Well, I have learned a few things about blogging since beginning this last week. First, I learned that I say too much in a single blog. I am blogging like an essayist, not like a blogger. I apologize for that. It's kind of funny though because I began my life as a professional writer with the Frederick Leader newspaper in my hometown of Frederick, Oklahoma. The name of the column I wrote was "Mommy Tracks." At that time I had a GED and had never attended college, and I don't know where I got the cojones to think I had something to say about being a mom that I thought everybody else in that corner of Oklahoma ought to read. But I did, and yes, there is something full circle about talking about a mom with cojones and now having a graduate degree in gender studies, so I guess at least I am consistent.
http://www.salon.com/life/feature/2011/02/22/men_must_speak_up_on_abortion_debate
Here's an article from salon.com I discovered via my good friend Teri McGrath, another Oklahoma mother, this one my office mate from grad school, my best friend from undergraduatedom. The article is well-written, though I can't say I don't have any arguments with it. But because I have decided to have a blog about gender, because I am asking my professional writing students to also have blogs this semester, and they cannot be "diary" blogs, but something academic, professional, related to being a writer, and so I should do the assignment as well in order to grade it, I picked gender as my topic.
It reminds me of a beautiful essay by Thomas Lynch called "Wombs" which my composition students will be reading in April.

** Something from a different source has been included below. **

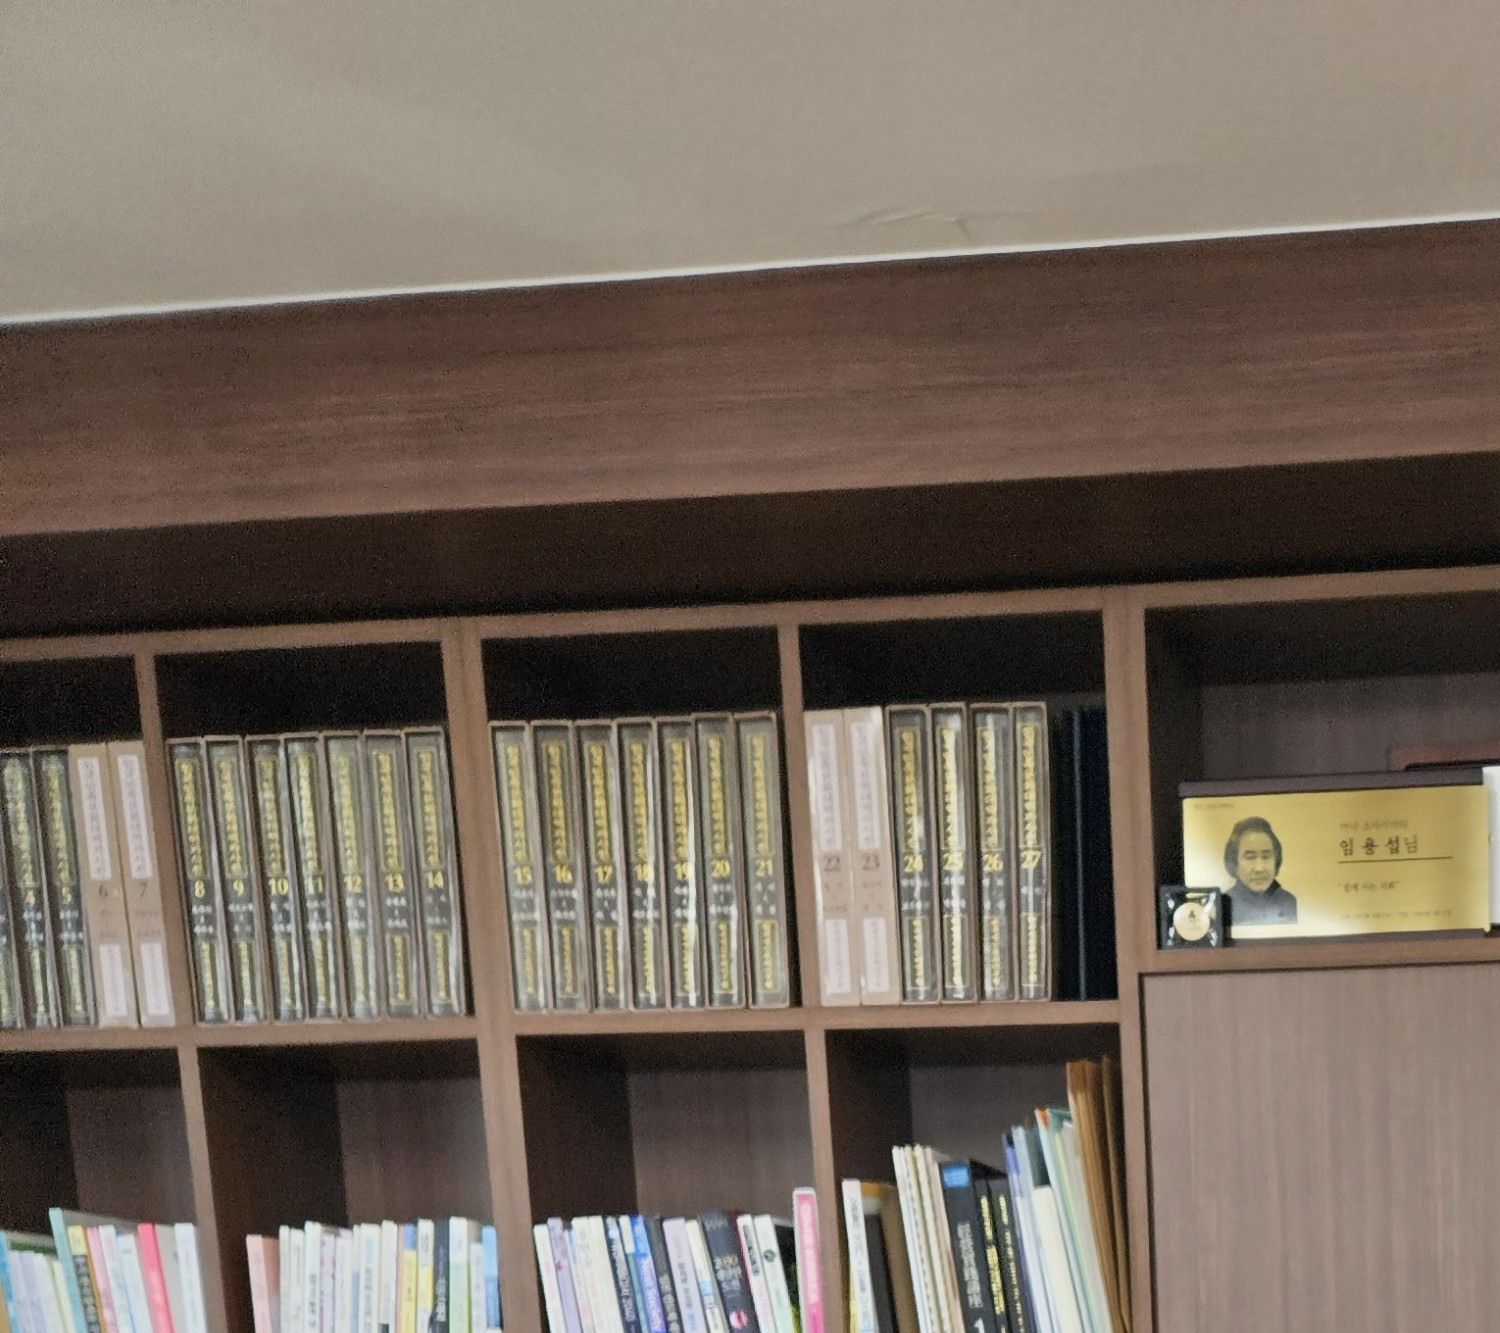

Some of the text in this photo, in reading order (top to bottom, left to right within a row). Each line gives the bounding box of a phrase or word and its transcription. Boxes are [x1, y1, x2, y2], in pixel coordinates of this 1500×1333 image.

In that essay, Lynch states that if his daughters have the legal right to an abortion, that his sons should have that legal right as well. That if a man impregnates a woman, at some point in the first trimester when a woman may legally absolve herself of responsibility for the life of the child, a man may also do likewise and declare he will take no economic, medical, emotional, any responsibility for the unborn child.
Legally, this sounds like a good argument. Biologically, there can never be equality between males and females. There is a quote I remember from literature that goes something like: What is wrong in women's lives cannot be right in men's. How can we have women's issues that do not intersect with men's lives? Here is what really got my goat, so to speak. I was trying to find out the exact quote, so I googled it. Google kept saying: did you mean: what is wrong in men's lives cannot be right in men's? Like there could not be the word women in that sentence. Is that a language issue, a man's issue, a woman's, or a technology issue? Where do those lines get drawn?